[Stored data entries]
┄┄┄┄┄┄┄┄┄┄
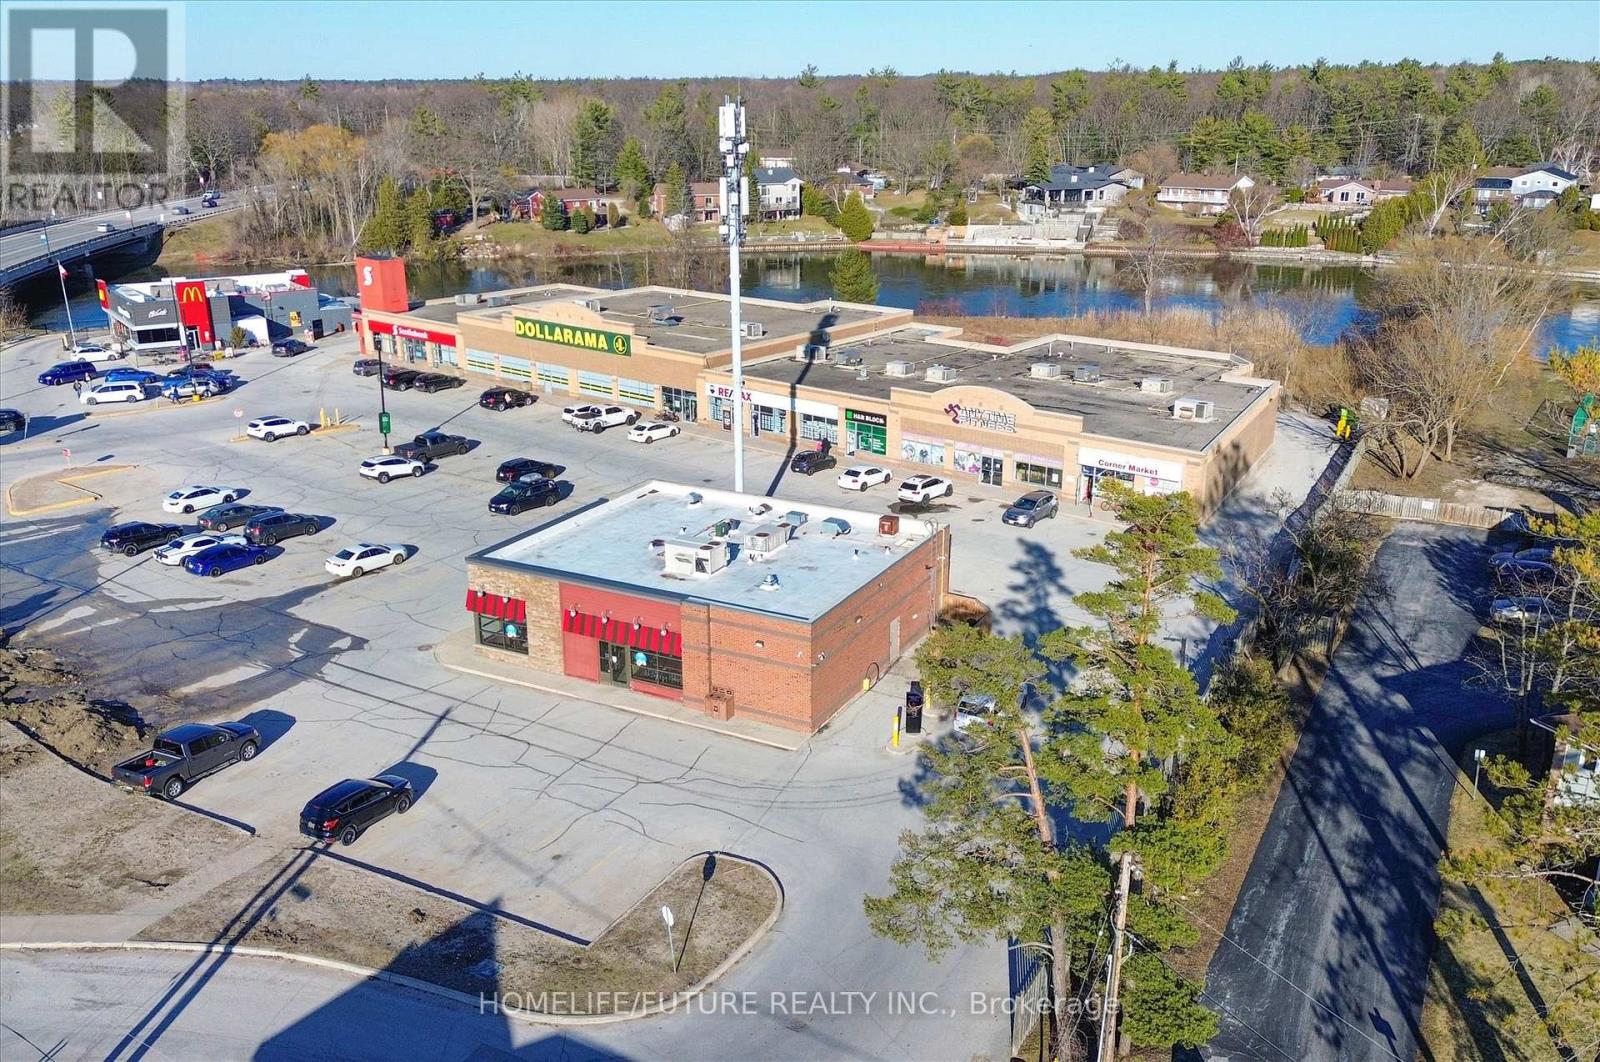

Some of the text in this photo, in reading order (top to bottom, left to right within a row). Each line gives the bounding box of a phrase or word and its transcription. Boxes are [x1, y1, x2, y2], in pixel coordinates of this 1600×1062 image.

[399, 328, 428, 339] Scotiabank
[515, 320, 608, 350] DOLLARAMA
[718, 387, 752, 402] RE/AX
[959, 406, 1015, 425] ANYTIME
[959, 416, 1016, 433] FITNESS
[1098, 459, 1158, 476] Corner Market
┄┄┄┄┄┄┄┄┄┄
ACTIVITY
Return each line above exactly; any pictures are to be skipped.

OUTPUT OF THE TASK
Some of the text in this photo, in reading order (top to bottom, left to right within a row). Each line gives the bounding box of a phrase or word and its transcription. Boxes are [x1, y1, x2, y2], in pixel coordinates of this 1600×1062 image.

[399, 328, 428, 339] Scotiabank
[515, 320, 608, 350] DOLLARAMA
[718, 387, 752, 402] RE/AX
[959, 406, 1015, 425] ANYTIME
[959, 416, 1016, 433] FITNESS
[1098, 459, 1158, 476] Corner Market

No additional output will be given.